Use the feedback() command to form the closed loop system.
Also, Kp has 201 elements and Kd as 11 elements, so the j and i loops need to be adjusted accordingly.
Accepted Answer
Paul
on 24 Apr 2022
Edited: Paul
on 28 Apr 2022
Assuming continuous time:
Gred = tf([7.385,476.7],[1,19.39,491.5,3835,0]);
Kp = 0:1:200;
Kd = 0:1:10;
Preallocate the matrix for the result. Preallocate to NaN so it can be checked later, if desired, to make sure all elements are filled in.
Stable = nan(numel(Kp),numel(Kd));
Loop over the compensator gains
for j=1:numel(Kd)
for i=1:numel(Kp)
C = tf([Kd(j),Kp(i)],[0.005,1]);
Clsys = feedback(C*Gred,1);
Stable(i,j) = isstable(Clsys);
end
end
Edit: There are better ways to visualize this than surf().
surf(Kd,Kp,Stable,'EdgeColor','none'),view(2),colorbar
xlabel('Kd')
ylabel('Kp')
title('Yellow = Stable, Blue = Unstable')

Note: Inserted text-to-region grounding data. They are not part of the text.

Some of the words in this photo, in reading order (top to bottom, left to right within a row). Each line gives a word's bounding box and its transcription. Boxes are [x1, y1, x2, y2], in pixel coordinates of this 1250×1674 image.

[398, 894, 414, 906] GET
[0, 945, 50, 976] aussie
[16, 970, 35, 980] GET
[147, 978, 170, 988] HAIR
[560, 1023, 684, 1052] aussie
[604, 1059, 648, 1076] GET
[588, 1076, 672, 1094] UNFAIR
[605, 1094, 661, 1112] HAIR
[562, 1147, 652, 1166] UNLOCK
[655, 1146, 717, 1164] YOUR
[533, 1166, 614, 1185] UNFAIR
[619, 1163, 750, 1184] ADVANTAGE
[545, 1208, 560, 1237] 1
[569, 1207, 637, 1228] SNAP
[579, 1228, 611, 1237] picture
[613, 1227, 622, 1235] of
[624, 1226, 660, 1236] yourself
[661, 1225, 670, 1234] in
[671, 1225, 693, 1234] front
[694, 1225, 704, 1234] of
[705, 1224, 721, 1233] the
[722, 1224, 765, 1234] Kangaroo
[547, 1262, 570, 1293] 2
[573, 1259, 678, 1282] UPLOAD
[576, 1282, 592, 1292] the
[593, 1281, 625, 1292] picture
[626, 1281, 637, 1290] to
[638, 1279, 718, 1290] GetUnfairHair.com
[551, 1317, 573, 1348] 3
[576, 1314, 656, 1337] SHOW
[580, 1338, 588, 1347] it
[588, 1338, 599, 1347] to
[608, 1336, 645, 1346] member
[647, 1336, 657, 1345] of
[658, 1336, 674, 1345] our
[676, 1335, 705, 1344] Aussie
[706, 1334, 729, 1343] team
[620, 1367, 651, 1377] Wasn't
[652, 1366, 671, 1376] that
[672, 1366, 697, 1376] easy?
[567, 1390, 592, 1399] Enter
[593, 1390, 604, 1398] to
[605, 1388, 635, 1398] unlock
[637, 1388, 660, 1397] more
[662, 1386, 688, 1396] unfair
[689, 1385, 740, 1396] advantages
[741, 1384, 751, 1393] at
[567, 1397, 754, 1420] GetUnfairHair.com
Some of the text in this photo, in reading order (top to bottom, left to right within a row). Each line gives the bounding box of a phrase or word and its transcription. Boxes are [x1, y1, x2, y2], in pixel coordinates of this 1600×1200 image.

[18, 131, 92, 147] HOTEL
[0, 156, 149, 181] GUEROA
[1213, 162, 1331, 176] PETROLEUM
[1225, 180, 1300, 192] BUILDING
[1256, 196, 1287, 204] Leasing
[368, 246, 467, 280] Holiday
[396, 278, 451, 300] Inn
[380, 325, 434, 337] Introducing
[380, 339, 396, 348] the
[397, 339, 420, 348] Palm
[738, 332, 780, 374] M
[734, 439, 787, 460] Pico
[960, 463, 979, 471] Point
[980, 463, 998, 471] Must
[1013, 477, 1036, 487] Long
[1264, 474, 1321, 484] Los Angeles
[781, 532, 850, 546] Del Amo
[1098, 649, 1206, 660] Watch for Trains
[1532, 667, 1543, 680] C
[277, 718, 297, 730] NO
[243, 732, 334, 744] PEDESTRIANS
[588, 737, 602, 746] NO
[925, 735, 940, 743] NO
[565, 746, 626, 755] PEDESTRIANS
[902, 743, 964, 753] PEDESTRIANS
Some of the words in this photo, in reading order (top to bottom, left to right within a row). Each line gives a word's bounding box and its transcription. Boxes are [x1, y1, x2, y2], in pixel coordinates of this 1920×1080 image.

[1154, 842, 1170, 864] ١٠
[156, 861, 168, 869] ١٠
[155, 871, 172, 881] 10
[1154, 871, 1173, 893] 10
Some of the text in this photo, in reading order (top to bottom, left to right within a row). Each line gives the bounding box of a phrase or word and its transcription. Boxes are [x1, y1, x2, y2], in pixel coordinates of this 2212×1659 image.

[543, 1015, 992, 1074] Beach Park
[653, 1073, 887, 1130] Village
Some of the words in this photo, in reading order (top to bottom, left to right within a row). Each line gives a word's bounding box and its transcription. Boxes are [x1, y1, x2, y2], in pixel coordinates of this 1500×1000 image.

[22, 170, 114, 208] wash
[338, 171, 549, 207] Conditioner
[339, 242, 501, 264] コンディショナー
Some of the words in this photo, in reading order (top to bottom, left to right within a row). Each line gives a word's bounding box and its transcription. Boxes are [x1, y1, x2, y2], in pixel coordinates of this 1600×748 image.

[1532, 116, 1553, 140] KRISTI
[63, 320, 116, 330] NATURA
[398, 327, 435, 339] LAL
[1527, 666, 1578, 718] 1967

The blue sliver for Kp = 0 and Kd >= 1 comes about because in those cases Clsys has pole and a zero at s = 0. But isstable() only only looks at the poles and considers a pole at the origin to be unstable. if that's not the desired behavior, then change the code to
Clsys = minreal(feedback(C*Gred,1));
4 Comments
Paul
on 28 Apr 2022
Hi Nimit,
Here is the first part of your code
clc
clear
Gred = tf([7.385,476.7],[1,19.39,491.5,3835,0]);
vecKd = [];
vecKp = [];
for Kp = 0:1:200
I changed the step size of Kd to meet the execution time constraint of Answers.
for Kd = 0:10
C = tf([Kd,Kp],[0.005,1]);
Gcl = feedback(Gred*C,1);
B = isstable(Gcl);
%Check if closed loop map is stable with given pair
%If it is stable, then store Kp, Kd in their vectors:
if B == 1
vecKd(end+1) = Kd;
vecKp(end+1) = Kp;
end
end
end
plot(vecKd,vecKp,'.')
Here is a problem, vecKp is being used in both arguments
% X=pid(vecKp,0,vecKp);
X = pid(vecKp,0,vecKd);
But the compensator used to derive the valid values of Kp and Kd had another term in the denominator.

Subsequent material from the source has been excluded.